Red Bee's playout experts discuss the "uberisation" of the playout market and what the future holds

A year ago, Red Bee Media introduced the world’s first software-only playout deployment, developed in the company’s innovation facilities Red Lab in Broadcast Centre in London.

TVBEurope catches up with Richard Cranefield, head of product, Playout Service, and Iain Shields, technical product manager, Playout Services, to look back at the past year and discuss what the future looks like for the software and IP development in the media industry. 

Roughly a year after introducing the world’s first software-only playout deployment, how has development continued?

RC: When we showed our software-only playout deployment a year ago, what we were demonstrating was that we had lived up to the ambition we set ourselves 18 months prior, and that with the right skills, focus, and development tools we could reach our goal. But at that stage, we had only invented the means to create such an environment and the difference between invention and innovation is that for the latter you need to execute, taking the idea and bring it to the market place. 

In the last year we have been working on a number of things: Firstly we’ve moved from our development environment to a proper production environment. This has allowed us to start working at scale and securing the platform so that we can use it to deliver live services. Secondly we’ve been developing the interfaces that will allow our customers to access the services running on the new platform, which in turn has allowed us to provide a new level of transparency that we have never been able to offer our customers before. 

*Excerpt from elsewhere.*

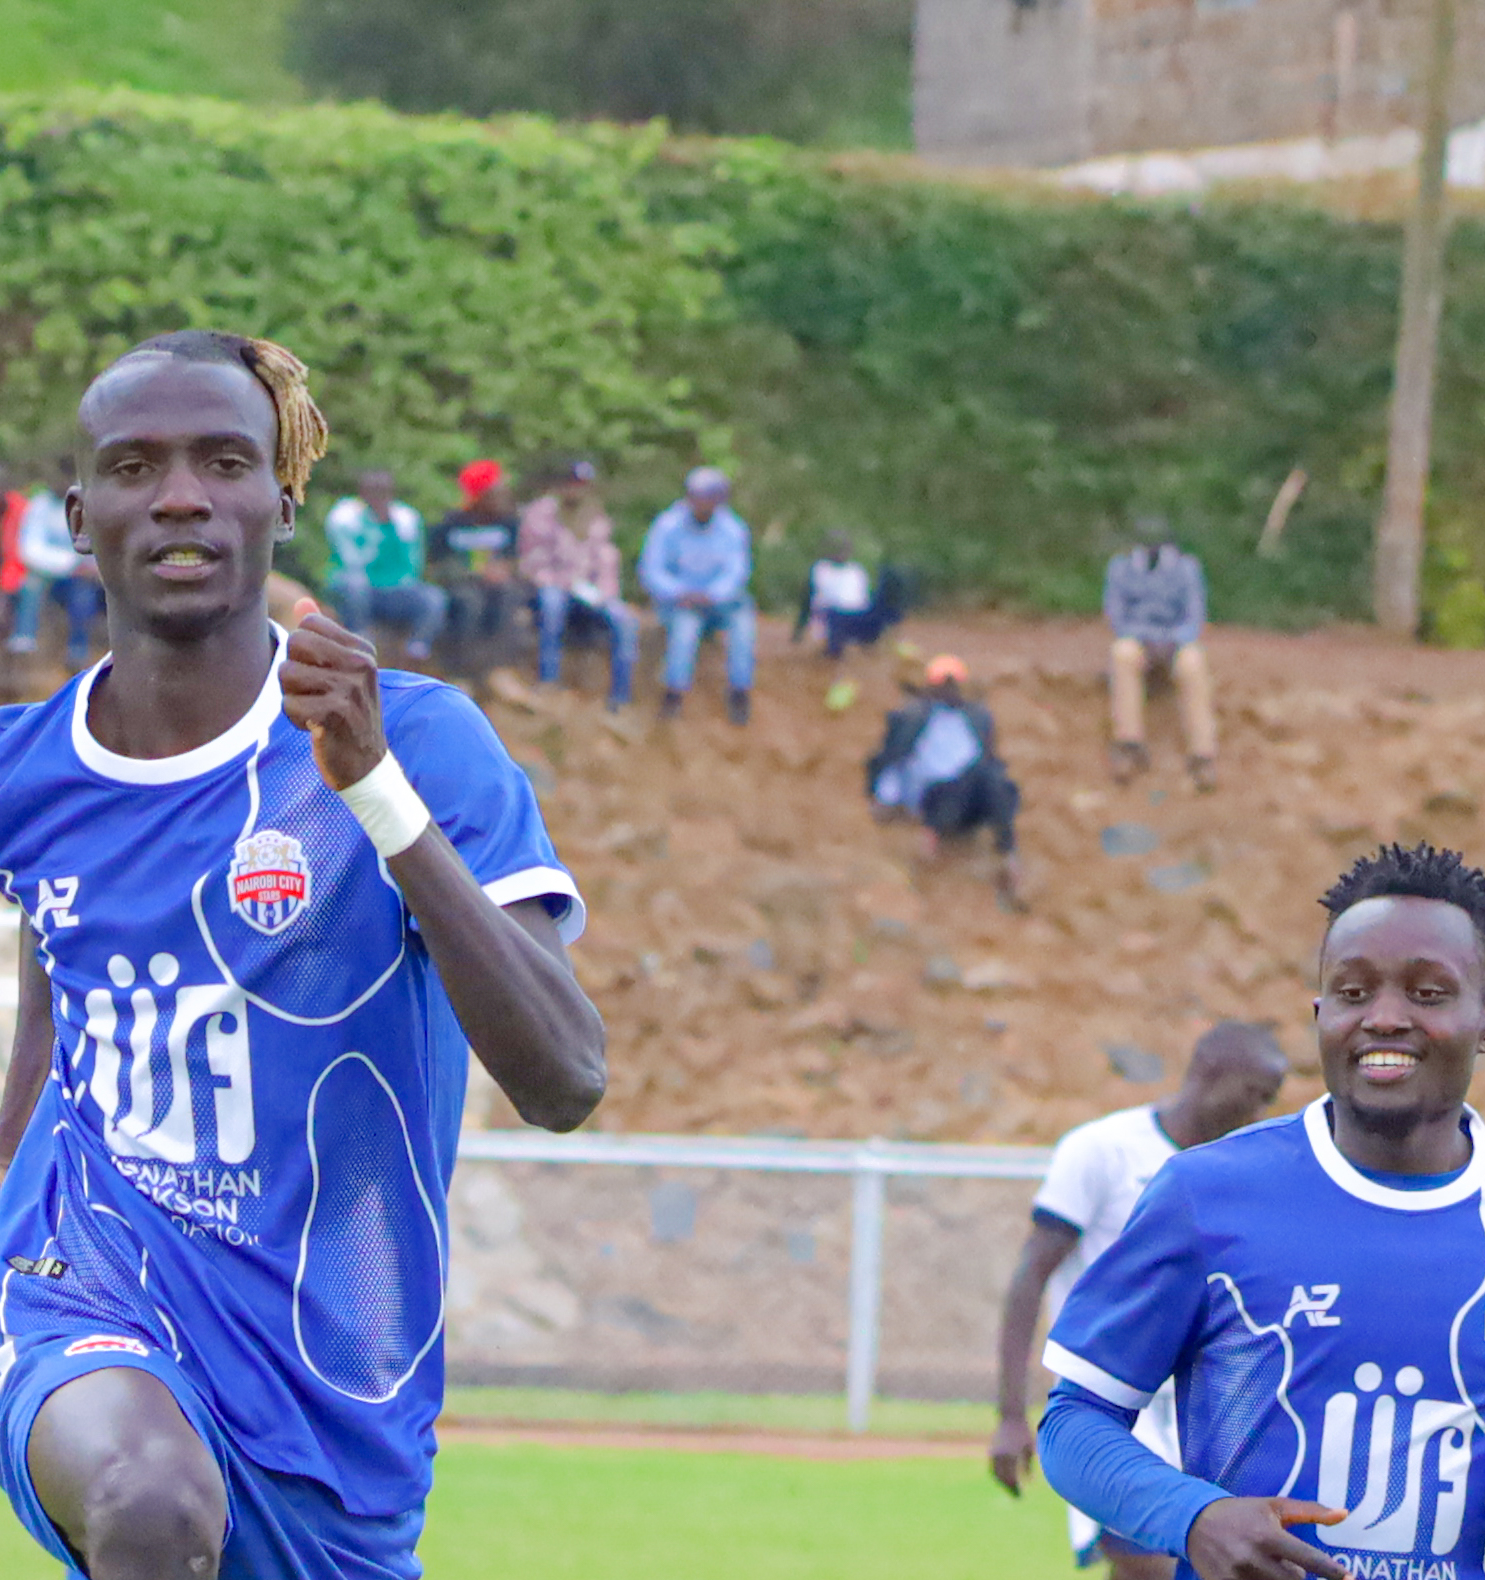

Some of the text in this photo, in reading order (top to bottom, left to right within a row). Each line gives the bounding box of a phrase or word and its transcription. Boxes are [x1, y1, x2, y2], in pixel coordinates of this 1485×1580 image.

[236, 874, 303, 895] NAIROBI CITY
[1283, 1285, 1341, 1328] AZ

Finally, and most importantly, we have been lining up customers to bring onto the platform, the first of which is Channel 4 in the UK that will migrated onto the platform during 2020. Without securing a customer base that benefit from the platform, the work would’ve been for nothing.

What investments have been made to create momentum and make this project successful?

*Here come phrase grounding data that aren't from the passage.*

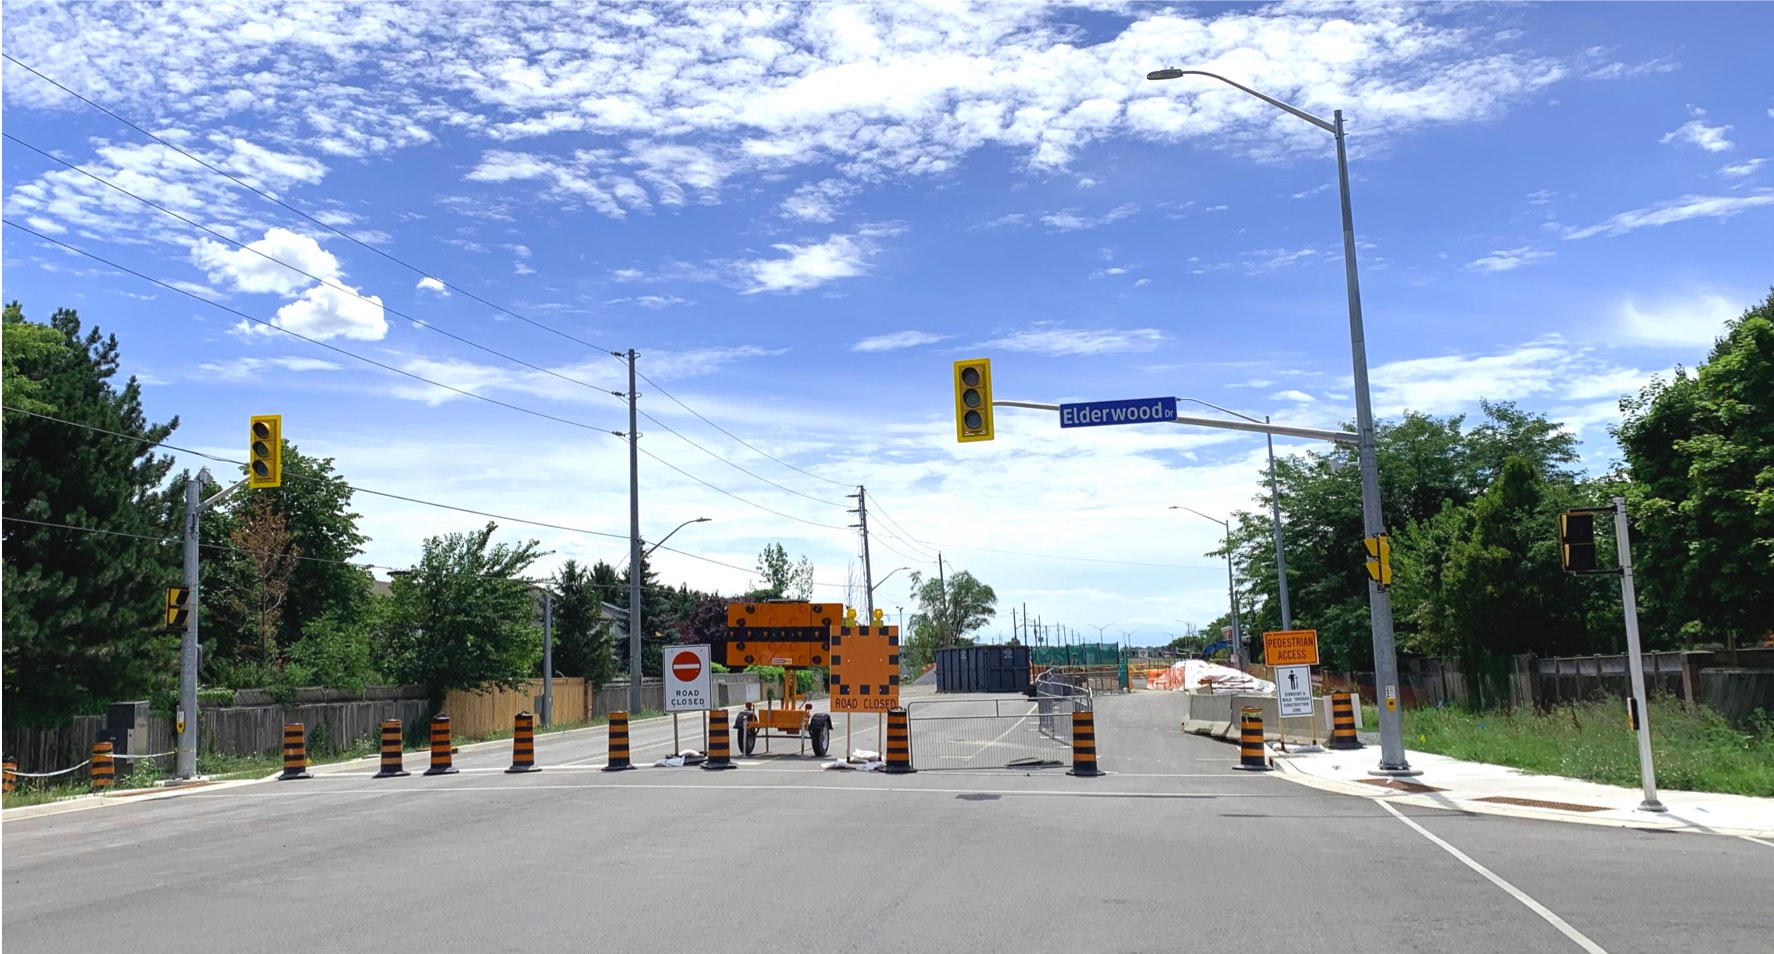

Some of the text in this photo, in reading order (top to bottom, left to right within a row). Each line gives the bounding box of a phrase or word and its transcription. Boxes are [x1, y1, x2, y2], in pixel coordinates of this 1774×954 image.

[1063, 402, 1174, 425] Elderwood Dr
[1268, 637, 1314, 648] PEDESTRIAN
[1278, 649, 1307, 660] ACCESS
[671, 698, 705, 706] CLOSED
[835, 698, 897, 709] ROAD CLOSED
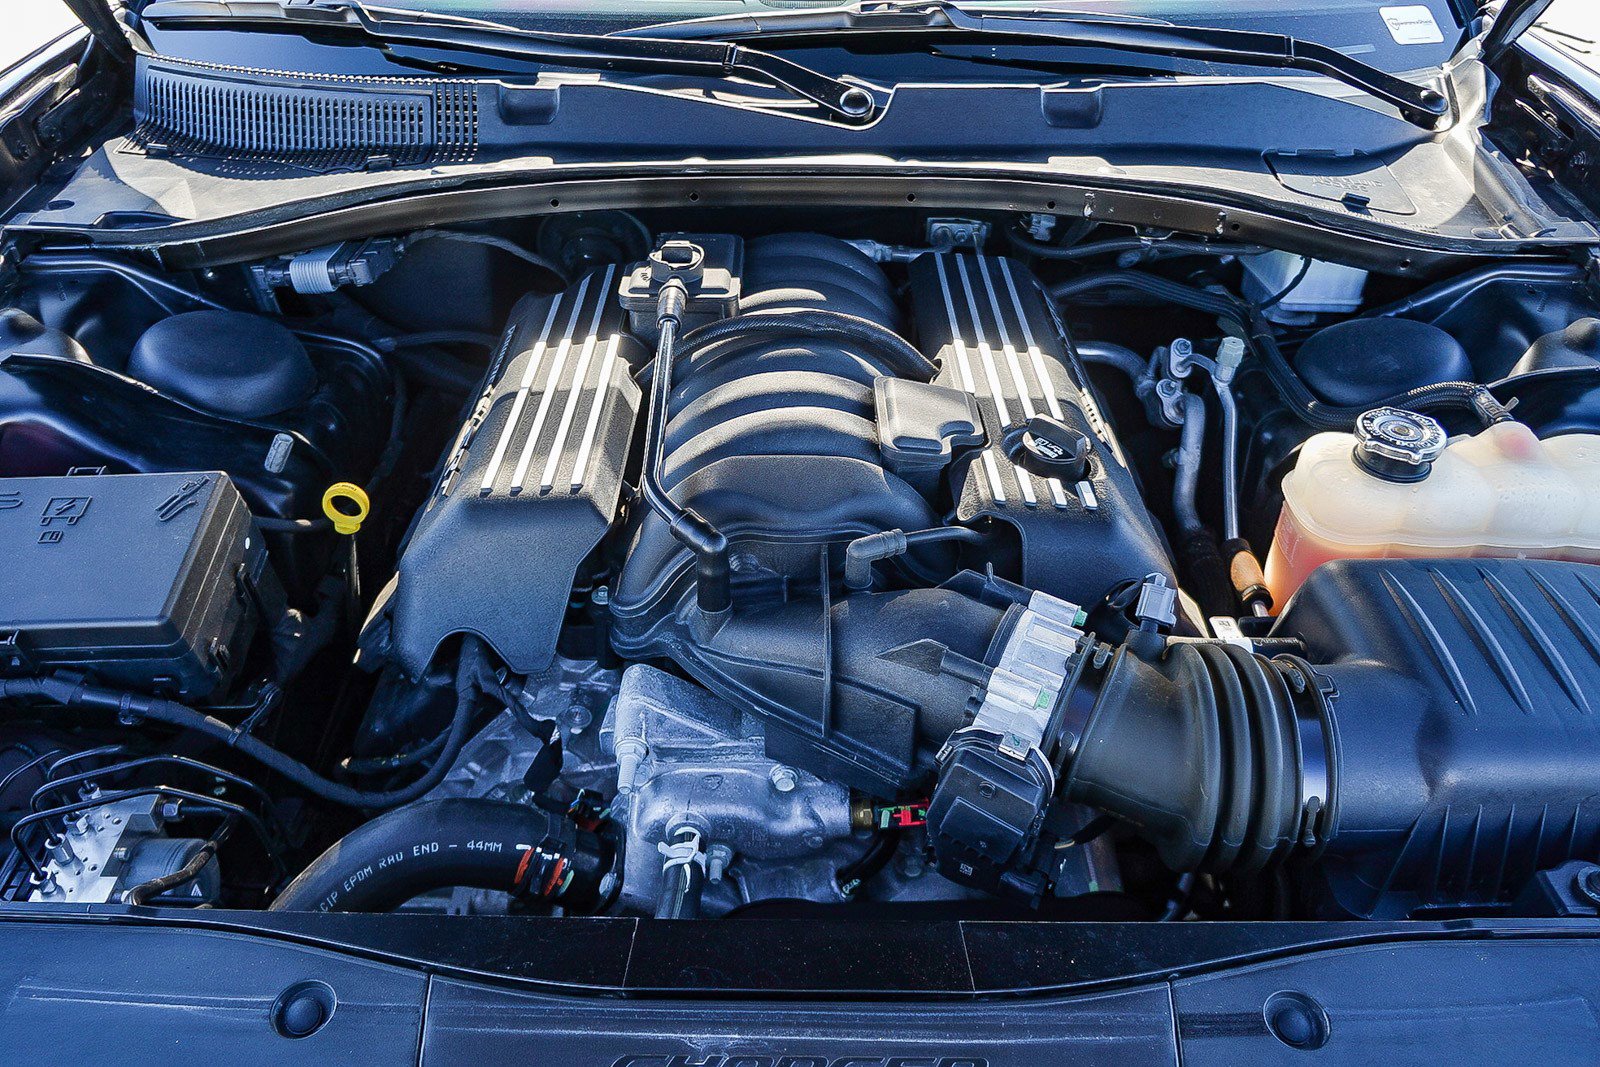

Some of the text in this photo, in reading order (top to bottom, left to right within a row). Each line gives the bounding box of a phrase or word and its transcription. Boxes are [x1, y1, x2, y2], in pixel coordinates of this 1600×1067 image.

[343, 865, 373, 892] EPDM
[413, 842, 439, 857] END
[466, 839, 503, 854] 44MM

IS: Harnessing the potential of IP in the broadcast space is both difficult and expensive. We’ve had to invest a huge amount of time and resources, not only to get the actual work done but also in planning and measurement in order to ensure we’re focusing on the right things.

One of the biggest investments has been in our people at Red Bee. We have been very fortunate to have started this journey with some of the best broadcast and network engineers available in the industry. On top of this we have made immense investments during the last 18 months in terms of training, building lab environments and optimising the work space in order to iteratively reach the best possible results. 

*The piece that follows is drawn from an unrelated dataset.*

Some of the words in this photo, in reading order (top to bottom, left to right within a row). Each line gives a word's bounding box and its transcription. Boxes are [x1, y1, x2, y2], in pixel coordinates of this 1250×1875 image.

We have also invested heavily in connectivity. Perfectly reliable network conditions are always a challenge, but with the scale we need for uncompressed HD and 4K broadcasts, establishing a foundation through a trusted, monitored and resilient solution was incredibly important. Now that we have done this, we can run any function from any vendor elegantly integrated and automated in a software-only environment for any customer worldwide. 

Our end-to-end, glass-to-glass product selection is customer-driven and echoes industry demand. We already have products available for most media workflows and our capability will only increase throughout 2020 as we integrate more software modules and micro-services to deliver for our expanding customer base.

All in all, the investment has very much paid off, and we now have a unique platform that would’ve been close to impossible to build for one single broadcaster. Red Bee can now offer a future-proof playout deployment where we are able spin up new channels fast in a secure environment.

How do you think projects like this change the nature of playout?

RC: This transformation of how we deliver playout services has taught us that development cannot stop. Playout deployments used to be a design and build project followed by years of operation. We are now in a process of iterative development and continuous improvement. Whilst this is common in products that are ‘born in software’, it is a new way of working for a lot of our teams and the vendors we work with. It takes time to find the right cadence for development and the right agile tools to apply to the linear playout world.

Is the future of playout software-only? 

IS: The only way the IP transformation will be affordable and successful is through the use of stable, resilient, multi-functional platforms and flexible pop-up products available on a pay-as-you-use basis – and that means software only.

RC: We will see a continued push towards software only deployments but with those softwares being more fragmented. Some of the applications we are running in playout are still quite large and monolithic which bring with them a need for high levels of compute and expensive operating systems to run on. We need the vendor community to work towards a micro-services approach and containerised deployments of playout technology. This has already happened in media management and OTT but the more traditional playout vendors are lagging behind.

What is coming next for IP and the software transformation of the industry in general? What are the challenges and opportunities?

IS: The costs and investment needed for successful IP transformation will undoubtedly lead to further consolidation in the broadcast industry. It is a journey littered with pit-falls and inevitably not all will make it through unscathed. There is also no space in the market for those left behind, as the SDI solutions of the past are just not agile enough to support the market. Those who have invested heavily and wisely will likely reap the benefits and be able to leverage the ‘uberisation’ in the market. Sadly, a lot of the cottage industry that has operated throughout broadcast since its inception will probably fall by the wayside.

RC: With a lot of media processing functions now deployable in software there is an opportunity to look more carefully at the viewer experiences we are trying to create, and to think less about whether we think something is playout or OTT for example – because that isn’t how viewers look at the world. We can now look at the toolset we have as a whole and consider how best we use it to deliver these experiences to audiences. If we are open to changing our mindset and de-compartmentalise our thinking, then there is opportunity to create some really interesting and engaging media experiences for viewers.